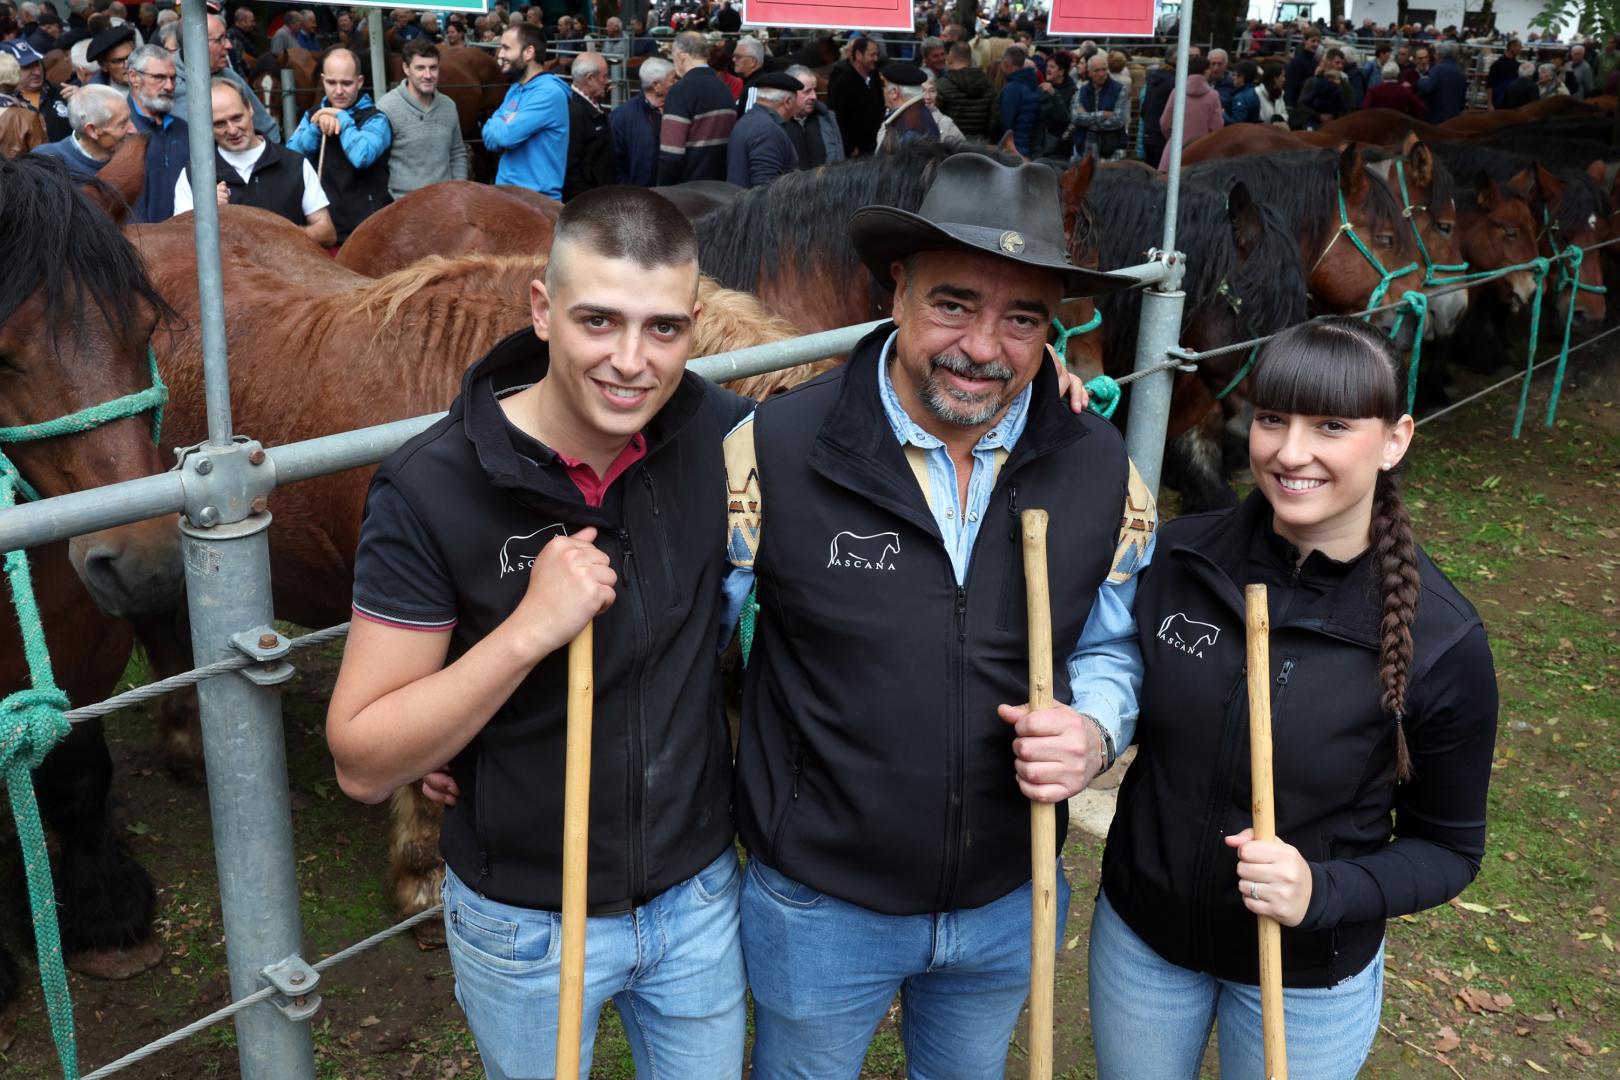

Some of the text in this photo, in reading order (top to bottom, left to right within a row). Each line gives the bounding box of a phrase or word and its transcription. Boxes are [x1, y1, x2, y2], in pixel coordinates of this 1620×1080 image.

[507, 559, 535, 573] ASC
[834, 558, 896, 571] ASCANA
[1159, 633, 1203, 659] ASCANA
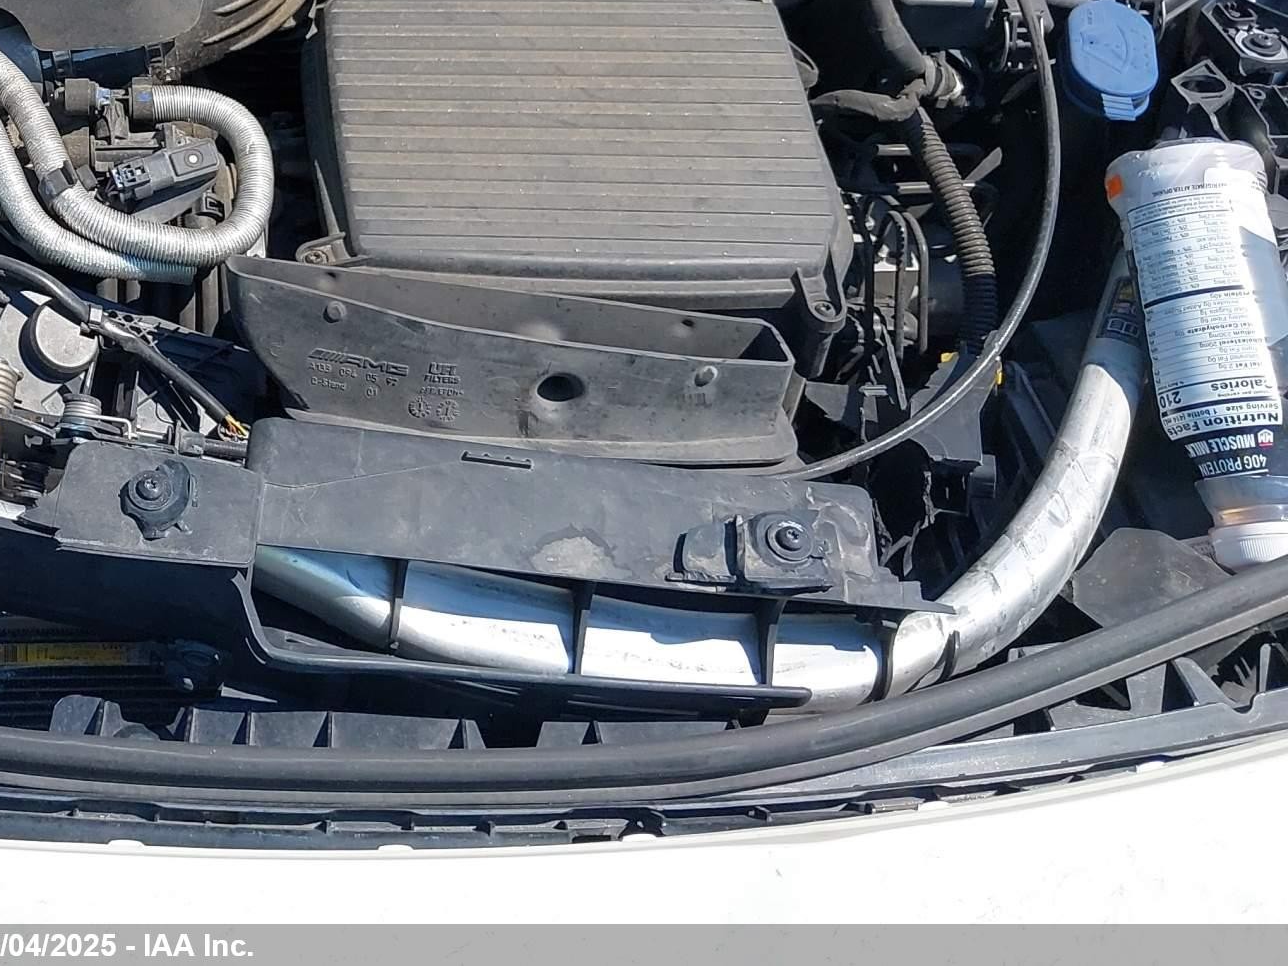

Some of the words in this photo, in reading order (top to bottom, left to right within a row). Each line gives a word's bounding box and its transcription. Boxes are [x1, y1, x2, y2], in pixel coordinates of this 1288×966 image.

[340, 353, 409, 377] AMG
[1158, 390, 1181, 408] 210
[1172, 413, 1185, 423] (414
[1187, 409, 1209, 417] bottle
[1203, 411, 1278, 427] Nutrition
[1166, 421, 1200, 436] Facts
[1184, 440, 1209, 457] MILK
[1207, 433, 1255, 453] MUSCLE
[1198, 456, 1242, 476] PROTEIN
[1243, 453, 1266, 469] 40G

——————————

REQUIRED ACTION -
Each record above is to be copied out exactly; its pictures are not.

TASK OUTPUT -
Some of the text in this photo, in reading order (top to bottom, left to right within a row). Each line gives the bounding box of a phrase or word and its transcription. Boxes are [x1, y1, x2, y2], in pixel coordinates of this 1620×1080 image.

[507, 559, 535, 573] ASC
[834, 558, 896, 571] ASCANA
[1159, 633, 1203, 659] ASCANA

Some of the words in this photo, in reading order (top to bottom, left to right within a row). Each line gives a word's bounding box and its transcription. Boxes are [x1, y1, x2, y2], in pixel coordinates of this 1288×966 image.

[340, 353, 409, 377] AMG
[1158, 390, 1181, 408] 210
[1172, 413, 1185, 423] (414
[1187, 409, 1209, 417] bottle
[1203, 411, 1278, 427] Nutrition
[1166, 421, 1200, 436] Facts
[1184, 440, 1209, 457] MILK
[1207, 433, 1255, 453] MUSCLE
[1198, 456, 1242, 476] PROTEIN
[1243, 453, 1266, 469] 40G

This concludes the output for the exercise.